Would you repeat all of the records underneath, exactly as written?

==== Given entries

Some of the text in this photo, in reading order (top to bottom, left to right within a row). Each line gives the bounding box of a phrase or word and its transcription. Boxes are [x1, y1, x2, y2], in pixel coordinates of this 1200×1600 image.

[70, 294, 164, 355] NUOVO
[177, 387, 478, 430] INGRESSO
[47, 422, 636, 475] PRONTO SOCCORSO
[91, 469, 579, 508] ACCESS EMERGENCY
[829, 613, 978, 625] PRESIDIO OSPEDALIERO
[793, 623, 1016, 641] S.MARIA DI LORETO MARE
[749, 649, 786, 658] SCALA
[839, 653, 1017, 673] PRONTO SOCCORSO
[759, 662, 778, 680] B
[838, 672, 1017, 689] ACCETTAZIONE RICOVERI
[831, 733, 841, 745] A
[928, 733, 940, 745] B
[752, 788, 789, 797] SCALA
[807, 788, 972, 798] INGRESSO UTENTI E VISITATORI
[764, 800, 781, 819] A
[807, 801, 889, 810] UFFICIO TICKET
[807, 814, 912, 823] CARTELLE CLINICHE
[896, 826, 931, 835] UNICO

========

▶ **Task response**
Some of the text in this photo, in reading order (top to bottom, left to right within a row). Each line gives the bounding box of a phrase or word and its transcription. Boxes are [x1, y1, x2, y2], in pixel coordinates of this 1200×1600 image.

[70, 294, 164, 355] NUOVO
[177, 387, 478, 430] INGRESSO
[47, 422, 636, 475] PRONTO SOCCORSO
[91, 469, 579, 508] ACCESS EMERGENCY
[829, 613, 978, 625] PRESIDIO OSPEDALIERO
[793, 623, 1016, 641] S.MARIA DI LORETO MARE
[749, 649, 786, 658] SCALA
[839, 653, 1017, 673] PRONTO SOCCORSO
[759, 662, 778, 680] B
[838, 672, 1017, 689] ACCETTAZIONE RICOVERI
[831, 733, 841, 745] A
[928, 733, 940, 745] B
[752, 788, 789, 797] SCALA
[807, 788, 972, 798] INGRESSO UTENTI E VISITATORI
[764, 800, 781, 819] A
[807, 801, 889, 810] UFFICIO TICKET
[807, 814, 912, 823] CARTELLE CLINICHE
[896, 826, 931, 835] UNICO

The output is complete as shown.